The child wept quietly but pitifully amidst the noise. Roald squatted down behind her with his arms around her sobbing body and his head on her frail shoulders. The soft feathers on the arrows tickled his throat.
‘My mum,’ he heard her say. ‘And my dad.’
‘Your mum was already dead when we got up there,’ he said, as gently as possible. ‘She died in her sleep. She didn’t feel a thing. And your dad was with her. The last thing I saw was him kissing her.’
Roald briefly considered whether he had a duty to try to rescue Jens Horder from the burning house, however small the chance, but it was an inferno of flames and smoke. No one would get out of there alive.
‘It all happened so quickly,’ he said then. ‘Your dad didn’t feel a thing either.’
‘Good,’ the girl sobbed.
Roald carefully but firmly turned her around so that she was facing him, and then lifted her to standing. He placed his hands on her shoulders.
‘You and I are going to go now,’ he said. ‘I’ll take care of you, but we have to leave now. The fire will spread soon.’
The girl nodded again and picked up her bow. As she stood there with the quiver of arrows on her back and the bow in her hand, she resembled a small, brave soldier.
She looked up at him. Roald didn’t know what to say next. Her eyes were filled with tears, but she was subjecting him to the most intense scrutiny he had ever experienced. She examined his eyes, searching for something. He wasn’t even aware that he was also crying until he felt the tears roll down his cheek.
Then she looked like she had come to some sort of conclusion, because she put down the bow, resolutely lifted the strap of the quiver over her head and chucked her ammunition down beside her weapon without giving it a second glance. The soldier’s acceptance that the war was over.
‘Good, then let’s—’ Roald said, but he was interrupted.
‘There are traps, so don’t follow me,’ the girl ordered him, with admirable resolve in her little voice. ‘I’ll be back in two secs.

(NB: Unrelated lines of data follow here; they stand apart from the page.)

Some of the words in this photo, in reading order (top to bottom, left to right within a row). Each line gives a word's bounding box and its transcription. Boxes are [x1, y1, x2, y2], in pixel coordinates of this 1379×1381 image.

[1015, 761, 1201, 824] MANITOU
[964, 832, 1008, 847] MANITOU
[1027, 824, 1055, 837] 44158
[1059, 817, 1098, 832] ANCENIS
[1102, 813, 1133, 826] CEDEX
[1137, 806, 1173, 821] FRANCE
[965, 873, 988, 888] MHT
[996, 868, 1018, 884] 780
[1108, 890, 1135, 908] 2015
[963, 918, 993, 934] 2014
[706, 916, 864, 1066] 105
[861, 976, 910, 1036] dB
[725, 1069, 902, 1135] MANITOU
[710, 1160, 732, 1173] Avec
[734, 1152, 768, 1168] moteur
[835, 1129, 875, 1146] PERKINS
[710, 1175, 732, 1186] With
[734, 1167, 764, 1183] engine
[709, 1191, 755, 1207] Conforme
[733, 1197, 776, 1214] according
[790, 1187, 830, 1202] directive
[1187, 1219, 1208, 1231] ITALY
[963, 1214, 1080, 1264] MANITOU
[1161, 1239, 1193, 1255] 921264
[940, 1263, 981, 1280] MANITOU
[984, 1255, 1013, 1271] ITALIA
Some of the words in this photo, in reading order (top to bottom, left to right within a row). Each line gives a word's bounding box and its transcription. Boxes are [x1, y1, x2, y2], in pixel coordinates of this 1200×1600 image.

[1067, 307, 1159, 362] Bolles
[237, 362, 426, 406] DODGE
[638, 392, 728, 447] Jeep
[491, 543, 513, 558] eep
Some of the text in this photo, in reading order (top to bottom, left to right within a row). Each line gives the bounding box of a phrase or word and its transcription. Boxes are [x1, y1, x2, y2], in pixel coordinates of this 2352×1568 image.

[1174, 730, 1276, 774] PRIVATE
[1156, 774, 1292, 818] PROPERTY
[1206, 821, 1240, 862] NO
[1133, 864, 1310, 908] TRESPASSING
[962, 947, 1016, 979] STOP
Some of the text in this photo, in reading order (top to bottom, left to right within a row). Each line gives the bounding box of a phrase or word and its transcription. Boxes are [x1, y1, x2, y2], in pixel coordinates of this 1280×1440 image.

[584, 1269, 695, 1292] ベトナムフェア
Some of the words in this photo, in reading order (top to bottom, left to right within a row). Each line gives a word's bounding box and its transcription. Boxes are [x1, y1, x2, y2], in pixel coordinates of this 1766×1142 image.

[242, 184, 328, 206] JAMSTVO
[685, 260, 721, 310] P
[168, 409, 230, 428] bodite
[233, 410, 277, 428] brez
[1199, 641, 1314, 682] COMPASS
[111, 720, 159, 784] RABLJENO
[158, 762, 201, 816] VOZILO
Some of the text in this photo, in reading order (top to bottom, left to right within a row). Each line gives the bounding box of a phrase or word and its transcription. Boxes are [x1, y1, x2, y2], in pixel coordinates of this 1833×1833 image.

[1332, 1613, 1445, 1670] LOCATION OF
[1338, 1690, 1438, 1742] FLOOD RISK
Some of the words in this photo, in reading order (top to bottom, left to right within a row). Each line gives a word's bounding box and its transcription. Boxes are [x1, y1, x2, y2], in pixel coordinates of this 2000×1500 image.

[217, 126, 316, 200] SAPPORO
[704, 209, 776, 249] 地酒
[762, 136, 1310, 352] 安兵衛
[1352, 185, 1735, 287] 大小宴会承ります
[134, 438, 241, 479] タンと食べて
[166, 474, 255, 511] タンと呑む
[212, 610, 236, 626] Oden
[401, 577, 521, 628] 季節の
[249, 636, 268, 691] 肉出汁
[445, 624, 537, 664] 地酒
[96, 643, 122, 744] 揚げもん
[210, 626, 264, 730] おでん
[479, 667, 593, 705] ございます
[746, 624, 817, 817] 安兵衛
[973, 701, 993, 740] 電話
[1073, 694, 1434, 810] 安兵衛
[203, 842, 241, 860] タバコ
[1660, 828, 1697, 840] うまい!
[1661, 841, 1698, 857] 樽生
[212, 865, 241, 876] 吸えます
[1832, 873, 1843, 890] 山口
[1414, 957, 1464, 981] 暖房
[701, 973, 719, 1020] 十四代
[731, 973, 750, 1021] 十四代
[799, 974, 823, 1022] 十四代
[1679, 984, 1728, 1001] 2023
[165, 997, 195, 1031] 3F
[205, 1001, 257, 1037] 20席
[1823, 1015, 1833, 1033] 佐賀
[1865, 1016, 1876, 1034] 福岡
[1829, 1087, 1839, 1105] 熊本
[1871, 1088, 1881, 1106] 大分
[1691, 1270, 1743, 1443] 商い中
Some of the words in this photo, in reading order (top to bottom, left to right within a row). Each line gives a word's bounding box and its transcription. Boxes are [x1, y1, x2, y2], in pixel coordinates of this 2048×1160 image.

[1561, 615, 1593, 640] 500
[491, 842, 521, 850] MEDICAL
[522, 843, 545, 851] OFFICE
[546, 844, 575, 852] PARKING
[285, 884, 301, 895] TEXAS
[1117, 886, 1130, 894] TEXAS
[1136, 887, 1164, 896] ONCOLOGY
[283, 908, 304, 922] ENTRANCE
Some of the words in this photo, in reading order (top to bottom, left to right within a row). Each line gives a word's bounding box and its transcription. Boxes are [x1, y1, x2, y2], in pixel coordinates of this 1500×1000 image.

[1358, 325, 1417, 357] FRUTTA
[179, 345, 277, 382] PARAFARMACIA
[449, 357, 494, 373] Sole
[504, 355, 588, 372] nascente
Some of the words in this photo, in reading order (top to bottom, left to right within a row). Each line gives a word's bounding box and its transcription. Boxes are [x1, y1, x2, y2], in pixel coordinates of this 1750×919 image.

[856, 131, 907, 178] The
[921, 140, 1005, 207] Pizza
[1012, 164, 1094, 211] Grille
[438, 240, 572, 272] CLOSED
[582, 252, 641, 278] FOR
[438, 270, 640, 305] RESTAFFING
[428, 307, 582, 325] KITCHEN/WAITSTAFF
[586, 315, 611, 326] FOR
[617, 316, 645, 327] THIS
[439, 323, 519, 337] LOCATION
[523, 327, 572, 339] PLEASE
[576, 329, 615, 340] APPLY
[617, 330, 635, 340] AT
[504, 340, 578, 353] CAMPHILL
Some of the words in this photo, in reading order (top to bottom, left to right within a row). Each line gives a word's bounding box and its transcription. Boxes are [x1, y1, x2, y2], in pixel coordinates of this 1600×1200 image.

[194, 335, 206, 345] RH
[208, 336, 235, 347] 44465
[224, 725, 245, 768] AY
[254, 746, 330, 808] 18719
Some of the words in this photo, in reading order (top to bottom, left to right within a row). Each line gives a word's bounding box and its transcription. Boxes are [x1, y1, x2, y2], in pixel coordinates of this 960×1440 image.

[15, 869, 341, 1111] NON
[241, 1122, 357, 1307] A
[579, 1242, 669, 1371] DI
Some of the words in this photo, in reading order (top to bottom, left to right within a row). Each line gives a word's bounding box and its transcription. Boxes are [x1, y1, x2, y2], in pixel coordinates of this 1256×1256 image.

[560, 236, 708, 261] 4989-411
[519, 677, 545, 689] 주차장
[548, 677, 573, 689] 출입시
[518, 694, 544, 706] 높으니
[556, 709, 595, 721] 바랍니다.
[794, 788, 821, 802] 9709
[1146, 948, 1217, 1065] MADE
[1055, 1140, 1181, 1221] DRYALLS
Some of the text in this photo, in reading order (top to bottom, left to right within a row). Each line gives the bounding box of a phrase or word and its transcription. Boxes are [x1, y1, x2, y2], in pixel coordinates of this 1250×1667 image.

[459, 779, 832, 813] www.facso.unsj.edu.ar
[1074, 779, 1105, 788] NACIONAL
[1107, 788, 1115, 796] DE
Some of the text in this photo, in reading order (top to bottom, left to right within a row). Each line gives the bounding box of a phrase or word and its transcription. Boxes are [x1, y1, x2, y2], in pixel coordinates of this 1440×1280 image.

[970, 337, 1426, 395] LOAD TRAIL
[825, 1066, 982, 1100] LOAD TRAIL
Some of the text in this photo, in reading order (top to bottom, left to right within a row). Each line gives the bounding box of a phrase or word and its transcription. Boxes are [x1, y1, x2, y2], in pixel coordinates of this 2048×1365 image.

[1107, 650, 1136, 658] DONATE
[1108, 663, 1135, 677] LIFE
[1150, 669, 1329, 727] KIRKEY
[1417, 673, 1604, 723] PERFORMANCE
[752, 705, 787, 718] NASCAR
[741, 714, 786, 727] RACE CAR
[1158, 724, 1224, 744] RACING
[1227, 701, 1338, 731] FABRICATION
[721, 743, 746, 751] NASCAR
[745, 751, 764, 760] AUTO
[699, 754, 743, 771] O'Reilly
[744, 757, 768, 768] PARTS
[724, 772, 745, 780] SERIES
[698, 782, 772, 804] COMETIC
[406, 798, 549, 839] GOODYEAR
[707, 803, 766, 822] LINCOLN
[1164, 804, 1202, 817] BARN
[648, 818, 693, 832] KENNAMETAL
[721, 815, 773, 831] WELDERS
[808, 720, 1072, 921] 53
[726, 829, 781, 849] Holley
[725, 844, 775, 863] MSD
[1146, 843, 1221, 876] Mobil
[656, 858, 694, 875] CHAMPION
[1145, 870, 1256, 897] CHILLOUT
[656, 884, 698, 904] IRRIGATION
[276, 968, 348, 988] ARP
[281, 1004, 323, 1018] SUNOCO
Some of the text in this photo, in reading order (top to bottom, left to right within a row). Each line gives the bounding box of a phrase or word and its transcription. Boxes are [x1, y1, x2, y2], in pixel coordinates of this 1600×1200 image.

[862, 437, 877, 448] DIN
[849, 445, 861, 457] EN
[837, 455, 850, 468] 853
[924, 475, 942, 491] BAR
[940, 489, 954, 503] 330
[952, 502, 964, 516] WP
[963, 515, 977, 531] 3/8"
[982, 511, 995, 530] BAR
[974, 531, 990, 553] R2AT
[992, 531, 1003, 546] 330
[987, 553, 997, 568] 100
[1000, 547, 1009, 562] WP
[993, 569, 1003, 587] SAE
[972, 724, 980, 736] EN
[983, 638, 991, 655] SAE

Stay here.’
Before Roald had time to protest, the brown-and-orange sweater disappeared through the piles, using God knows what route, but she was heading for the barn.
He sized up the house again. They probably had some time, but not much. The heat pressed against him and his eyes began to sting.
He spotted Jens Horder’s coat thrown over a barrel in a nearby pile. Roald picked it up. It was heavy and falling apart. The suede had been worn shiny and the lining was fraying in several places. In one of the big front pockets was a thick buff-coloured envelope. Roald stuffed it into his own front pocket and quickly examined the rest of Horder’s coat, while looking out anxiously for Liv.
In the inside pocket was a folded letter.
Roald hesitated. He had always respected the confidentiality of other people’s letters and had never read as much as a postcard which wasn’t addressed to him. But then again, this situation was rather…
He unfolded the letter and started to read.
Dear Jens
There’s no denying it has been a long time, and that’s entirely my fault. For that reason, writing this letter isn’t easy…
When at that very second Liv came running from the barn, he quickly folded the letter and stuffed it into his inside pocket. Behind the girl he saw the clapped-out dapple-grey horse and some smaller shadows disappear in the direction of the forest.